The first time that displayMessage() is called, the object passed in has a property named message. When the with statement executes, the reference to message is mapped to the object property and so the displayed message is, “Hello, world, and welcome.” The second time, the object passed in has only the messageSuffix property, meaning the reference to message inside of the with statement refers to the local variable and the message displayed is therefore, “Yo, world, and welcome.”
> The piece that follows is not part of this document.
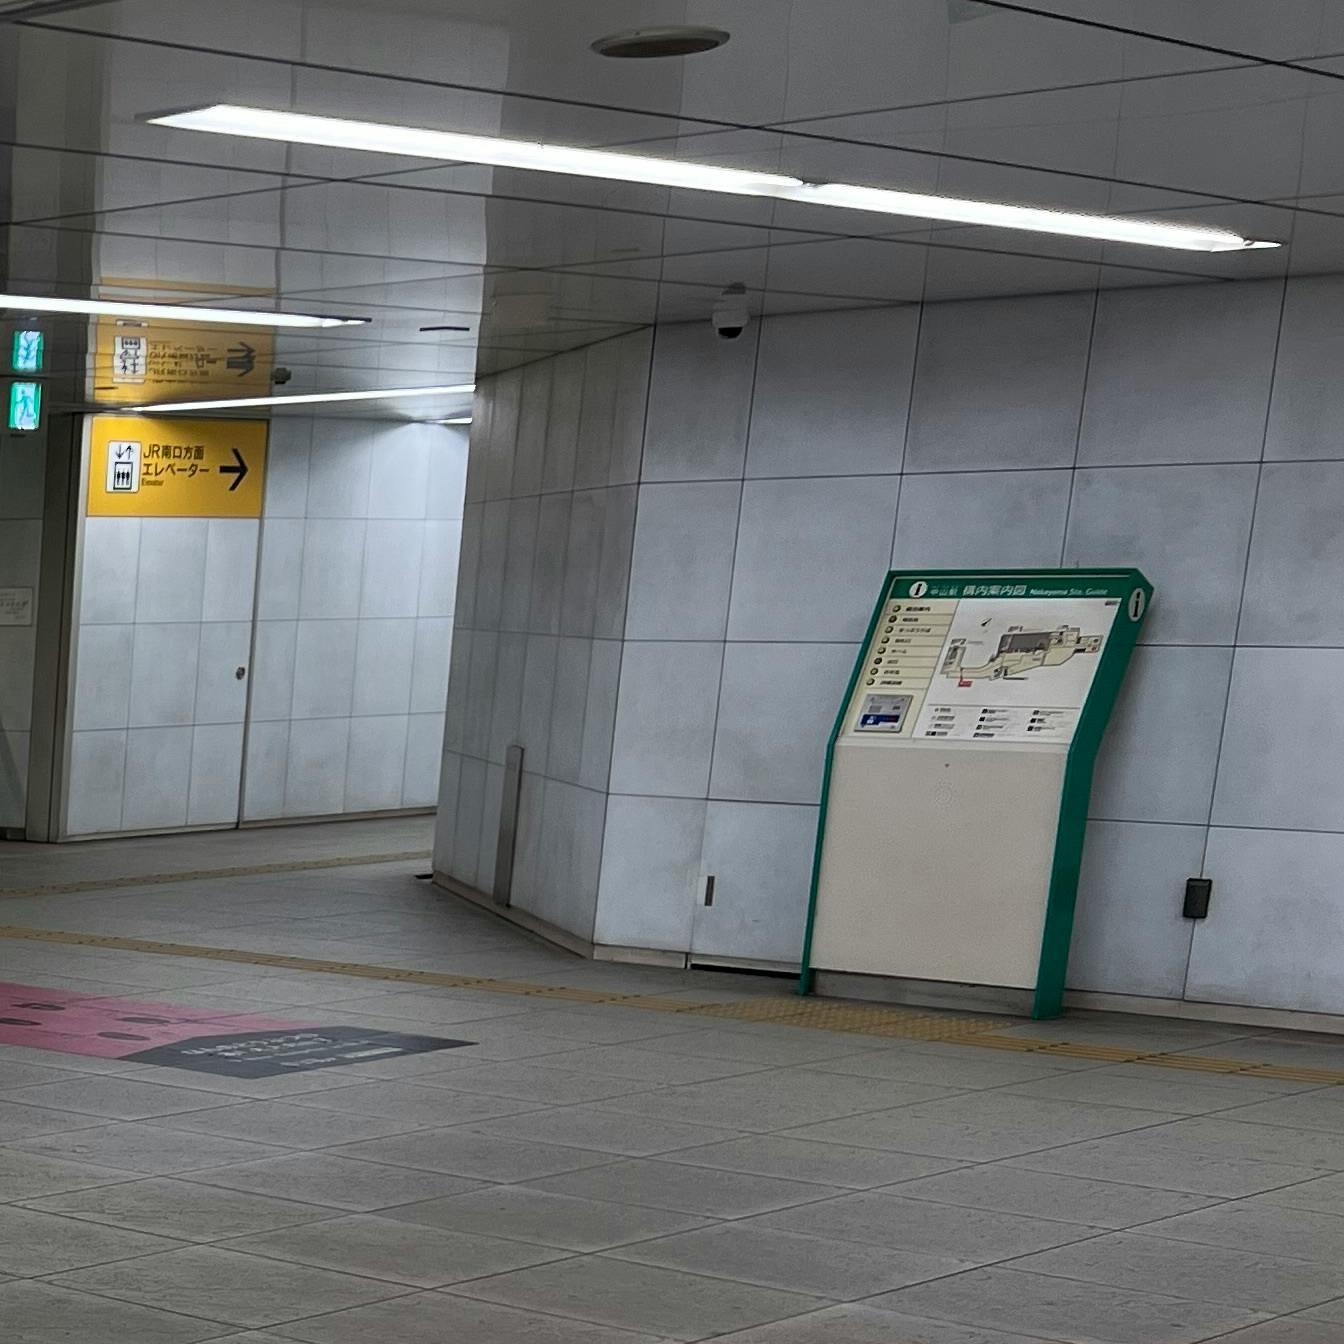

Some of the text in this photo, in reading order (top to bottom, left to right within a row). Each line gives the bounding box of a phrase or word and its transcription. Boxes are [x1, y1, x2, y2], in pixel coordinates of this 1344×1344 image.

Since the YUI Compressor doesn’t actually execute the JavaScript code, it has no way of knowing whether identifiers in a with statement are object properties (in which case, it is not safe to replace them) or local variable references (in which case, it is safe to replace them). The YUI Compressor treats the with statement the same as eval(): when present, it will not perform variable replacement on the function or any containing execution contexts.

Unlike eval(), there is no way to sequester the with statement in such a way that it doesn’t affect most of the code. The recommendation is to avoid using the with statement at all. Even though it appears to save bytes at the time of code writing, you actually end up losing bytes by forfeiting YUI Compressor’s variable replacement feature. The displayMessage() function gets minified like this:

function displayMessage(object){var message="Yo, ";with(object) »
{message+="world"+messageSuffix;alert(message)}};

This result is 112 bytes. If the function is rewritten to avoid the with statement, displayMessage() looks like this:

function displayMessage(object) {
    var message = "Yo, ";    object.message += "world" + object.messageSuffix;
    alert(object.message);
}

When minified, this new version of the function becomes:

function displayMessage(a){var b="Yo, ";a.message+="world"+ »
a.messageSuffix;alert(a.message)};

The size of this result is 93 bytes, so even though the original source code is larger. The minified source code becomes smaller because we used variable replacement.

Conclusion

YUI Compressor’s variable replacement functionality can give big byte savings while minifying your JavaScript. Since the YUI Compressor tries to avoid breaking your code by incorrectly replacing variable names, it will turn off variable replacement when the eval() function or with statement is used. These “evil” features alter how JavaScript code is interpreted and prevent the YUI Compressor from safely replacing variable names, which costs you a large amount of byte savings. Avoid this penalty by steering clear of eval() or sequester it away from the rest of your code. Also, avoid the with statement. These steps will ensure that your code doesn’t get in the way of optimal minification.